Adama Kamara : Ministre de l’Emploi et de la Protection Sociale
Dans les cercles du pouvoir ivoirien, rares sont les profils aussi complets, aussi denses, aussi silencieusement influents qu’Adama Kamara. Juriste rigoureux, homme d’affaires discret, stratège politique de l’ombre, il est aujourd’hui ministre de l’Emploi et de la Protection sociale, poste qu’il occupe depuis avril 2021. Mais réduire ce natif d’Abidjan, né le 17 décembre 1964, à une simple fonction serait passer à côté de l’essentiel : Adama Kamara est un bâtisseur de systèmes, un architecte de compromis, un homme de dossiers qui parle le langage du droit, des chiffres et des réformes.
Son parcours débute dans les amphithéâtres de l’université d’Abidjan, devenue Université Félix-Houphouët-Boigny. De 1988 à 1991, il y aligne diplômes après diplômes : DEUG, licence, maîtrise en droit des affaires, avant de décrocher le précieux Certificat d’Aptitude à la Profession d’Avocat (CAPA). L’aventure juridique commence véritablement en 1992, dans l’antre du cabinet de Julien Mondon Konan, alors bâtonnier de l’ordre. Deux ans plus tard, Adama Kamara cofonde sa propre firme : SCPA Takore-Blay-Sakho-Kamara & Associés. Le ton est donné. L’homme ne compte pas suivre, il entend tracer sa route.

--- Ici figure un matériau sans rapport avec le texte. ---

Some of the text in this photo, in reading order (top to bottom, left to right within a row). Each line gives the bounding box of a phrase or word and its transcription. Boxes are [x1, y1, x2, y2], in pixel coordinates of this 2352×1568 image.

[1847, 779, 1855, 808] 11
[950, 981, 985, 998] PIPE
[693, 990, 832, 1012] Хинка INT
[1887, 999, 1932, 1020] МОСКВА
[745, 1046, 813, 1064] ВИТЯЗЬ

Avocat d’affaires redouté, il devient au fil des années la plume et la voix de l’État dans les négociations les plus sensibles. Restructuration de la dette intérieure, réformes dans l’assurance santé, le transport, l’énergie, rédaction de contrats pétroliers ou de conventions stratégiques… Kamara est partout, sans jamais se mettre en avant. Il sera surnommé par Africa Intelligence « l’avocat des pétroliers » pour avoir été au cœur des contrats cadres de vente de produits pétroliers et des CPP (contrats de partage de production). C’est aussi lui que l’on retrouve en coulisses lors de la délicate délimitation de la frontière maritime avec le Ghana. Il ne plaide pas seulement pour des causes, mais pour l’avenir économique du pays.

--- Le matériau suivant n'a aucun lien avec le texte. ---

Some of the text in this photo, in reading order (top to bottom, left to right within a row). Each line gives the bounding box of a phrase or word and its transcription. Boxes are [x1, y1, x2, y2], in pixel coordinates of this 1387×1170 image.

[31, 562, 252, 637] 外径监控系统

Dans l’arrière-boutique du pouvoir, Kamara devient l’un des hommes de confiance d’Amadou Gon Coulibaly, Premier ministre disparu en 2020. Dès 2017, il suspend ses activités d’avocat pour rejoindre son cabinet comme conseiller spécial. À ce poste, il devient une sorte de chef d’orchestre des politiques publiques, pilotant des groupes de travail dans une impressionnante variété de secteurs : mines, pétrole, finances, santé, justice, environnement… Une polyvalence rare, une maîtrise redoutable.
Mais Adama Kamara est aussi un animal politique. Dès les années 2000, il est aux côtés d’Alassane Ouattara. Il fait partie du collectif d’avocats chargé de la défense du RDR, en pleine tourmente judiciaire. Il en devient l’un des piliers : conseiller spécial du président du parti, secrétaire national aux affaires juridiques, membre influent du bureau politique. C’est lui qui dépose les deux candidatures de Ouattara à la présidentielle, en 2000 et 2010. Il sera aussi l’un des cerveaux de sa campagne de 2015. Lorsque le Président choisit Amadou Gon Coulibaly comme dauphin pour 2020, Kamara est naturellement dans l’équipe chargée de préparer le terrain. La suite, on la connaît : la mort brutale de Gon Coulibaly rebattrait les cartes, mais pas la loyauté d’Adama Kamara.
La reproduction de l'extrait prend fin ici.